## YOUR GOAL
Beginning at the line that contains "this 1360×2040 image.", transcribe every line up to the last one in the material below. Include no other lines.
*** Block opens ***
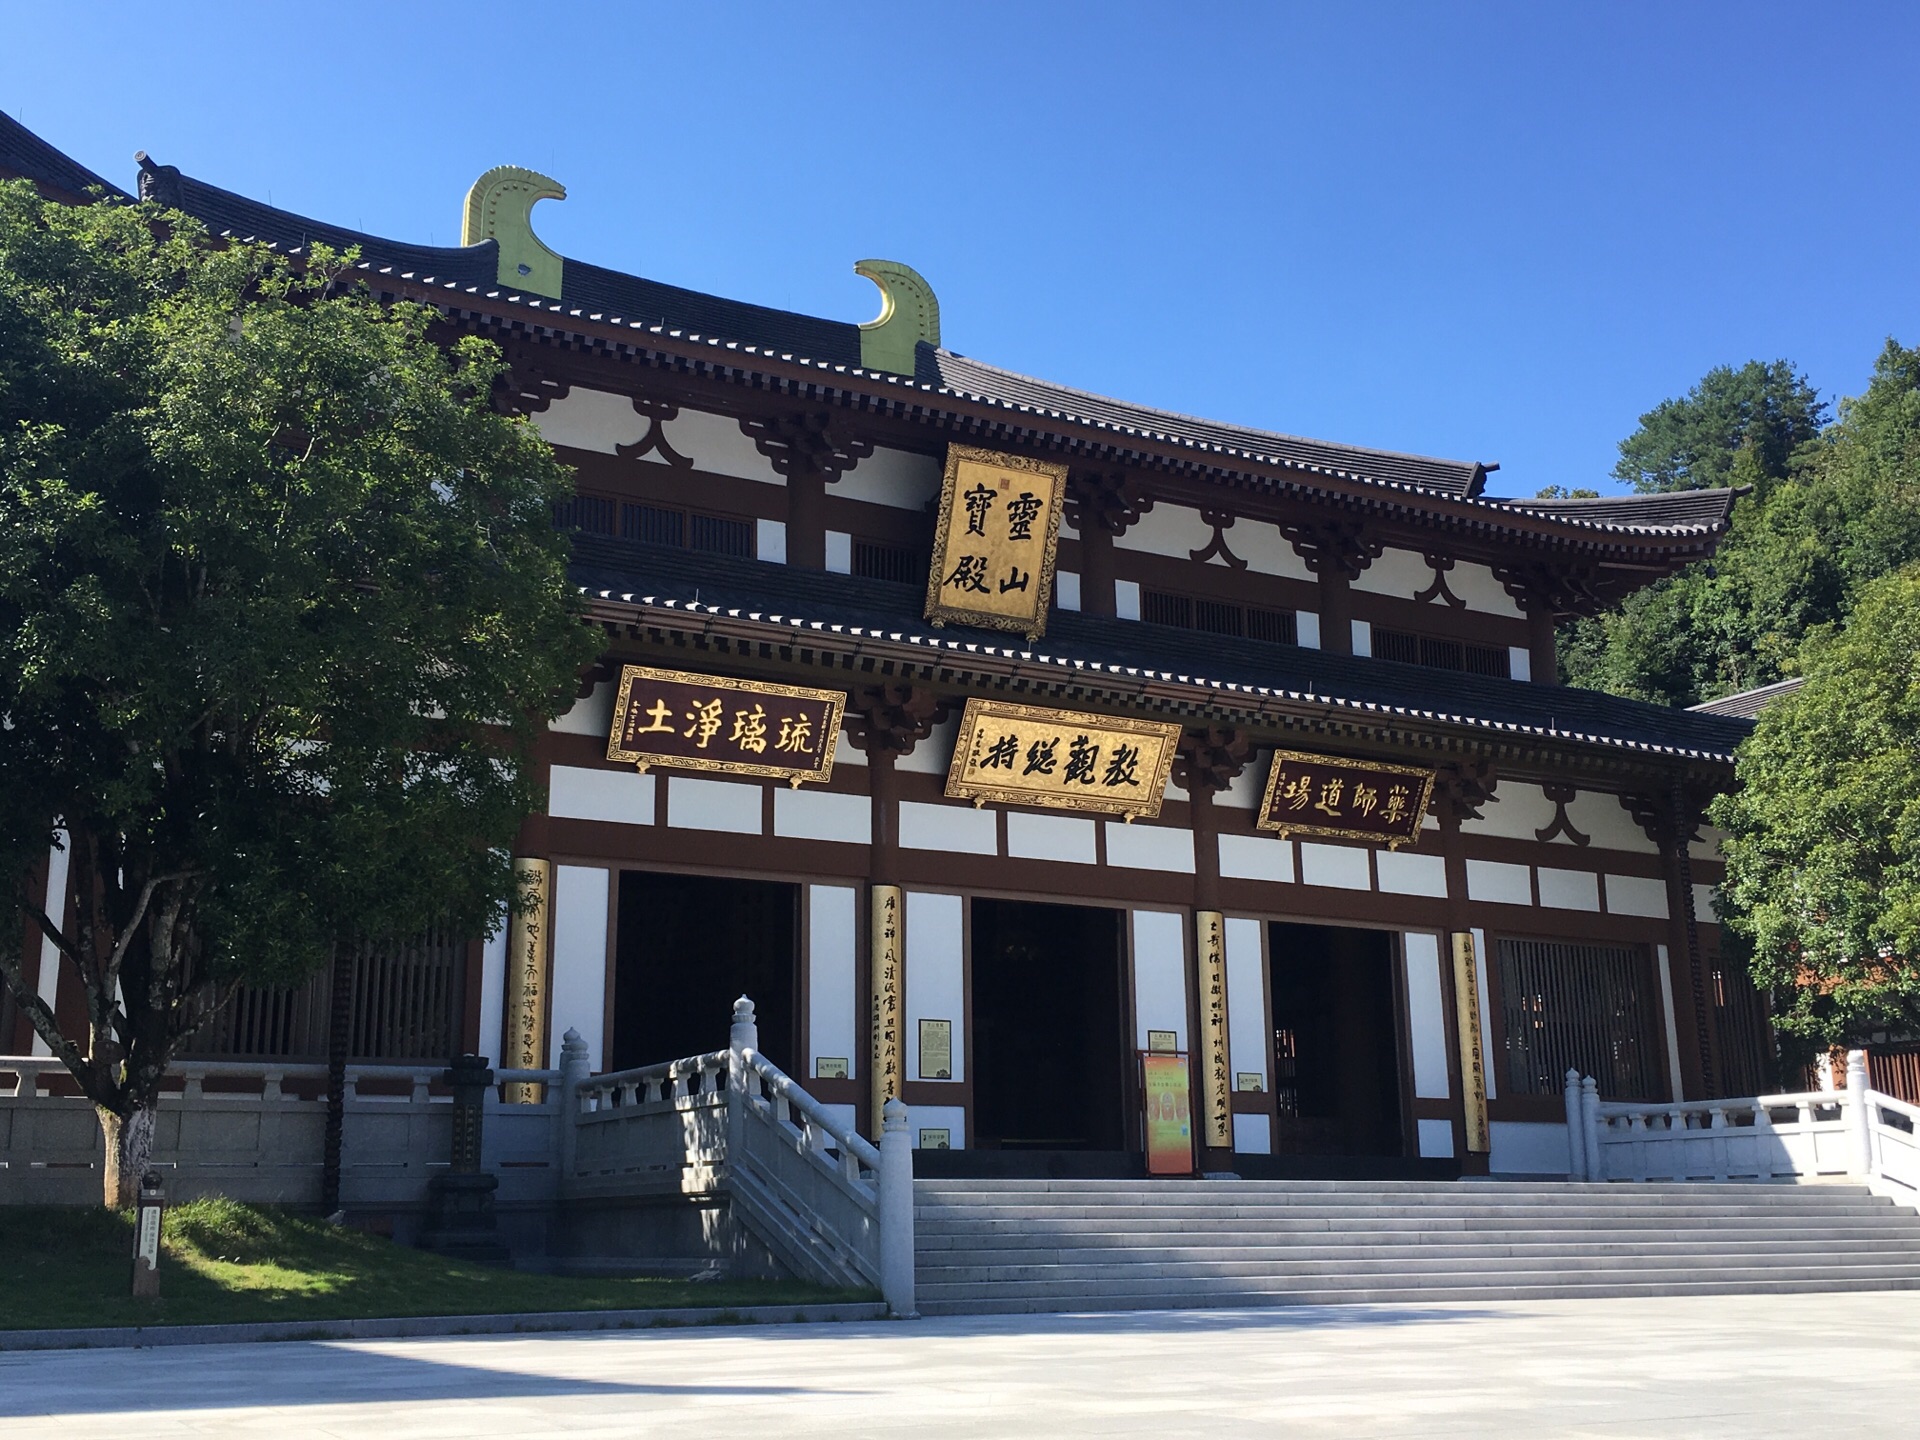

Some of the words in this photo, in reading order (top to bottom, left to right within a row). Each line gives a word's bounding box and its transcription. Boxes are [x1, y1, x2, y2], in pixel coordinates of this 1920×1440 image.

[943, 482, 998, 594] 寶殿
[999, 492, 1043, 595] 靈山
[638, 698, 813, 754] 琉璃淨土
[1283, 776, 1409, 825] 藥師道場
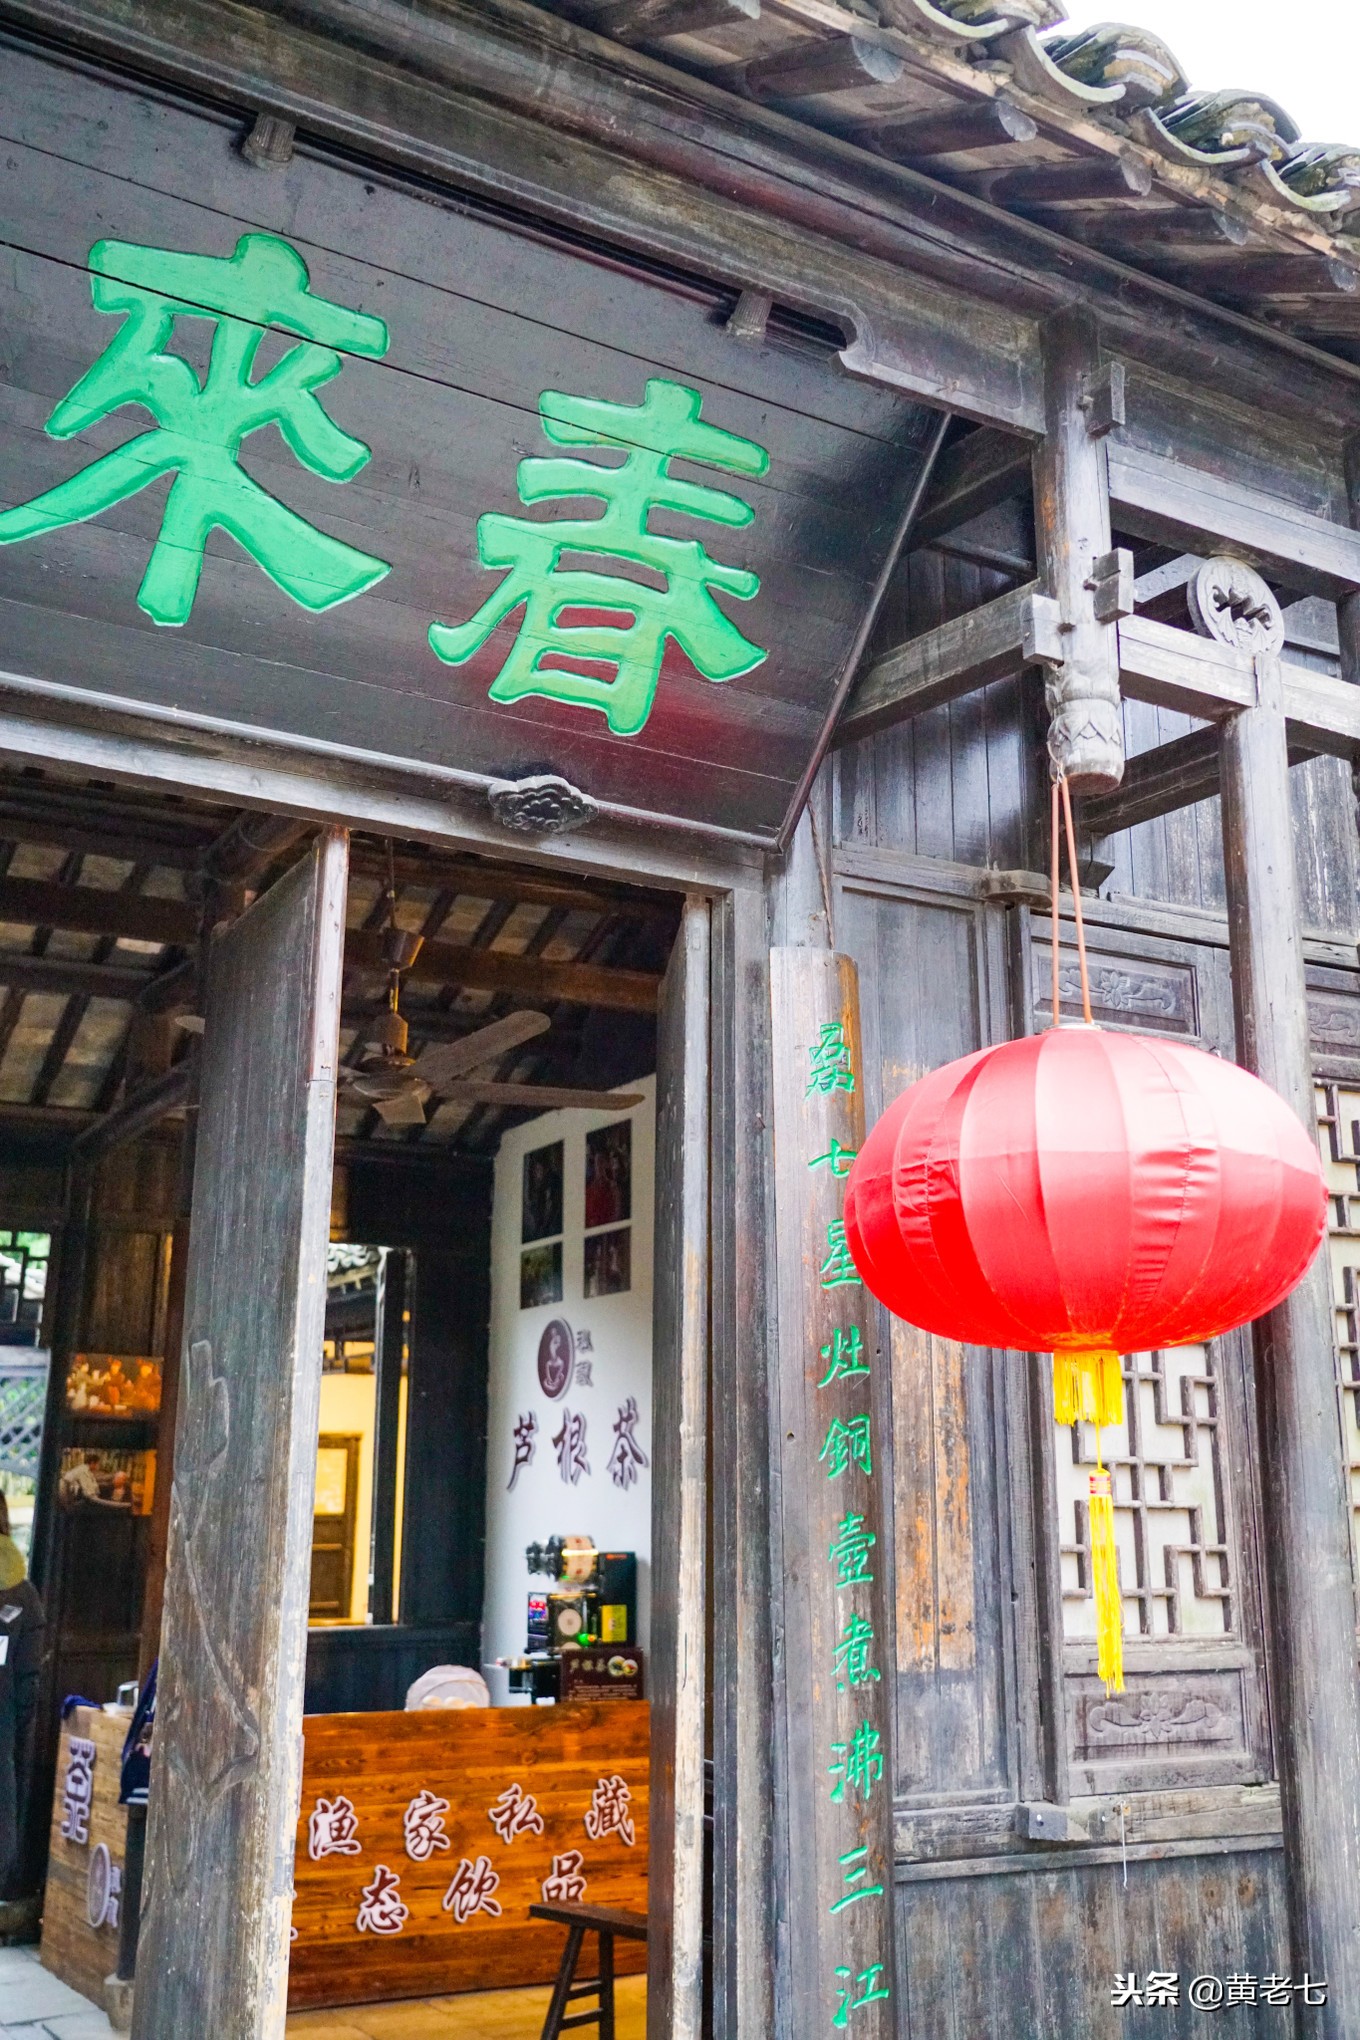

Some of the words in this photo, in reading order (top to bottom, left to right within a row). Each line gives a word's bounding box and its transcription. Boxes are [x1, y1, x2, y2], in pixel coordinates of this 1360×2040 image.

[506, 1396, 650, 1493] 芦根茶
[290, 1850, 587, 1940] 态饮品
*** Block closes ***
## SOLUTION
Some of the words in this photo, in reading order (top to bottom, left to right within a row). Each line gives a word's bounding box and its transcription. Boxes are [x1, y1, x2, y2], in pixel coordinates of this 1360×2040 image.

[506, 1396, 650, 1493] 芦根茶
[290, 1850, 587, 1940] 态饮品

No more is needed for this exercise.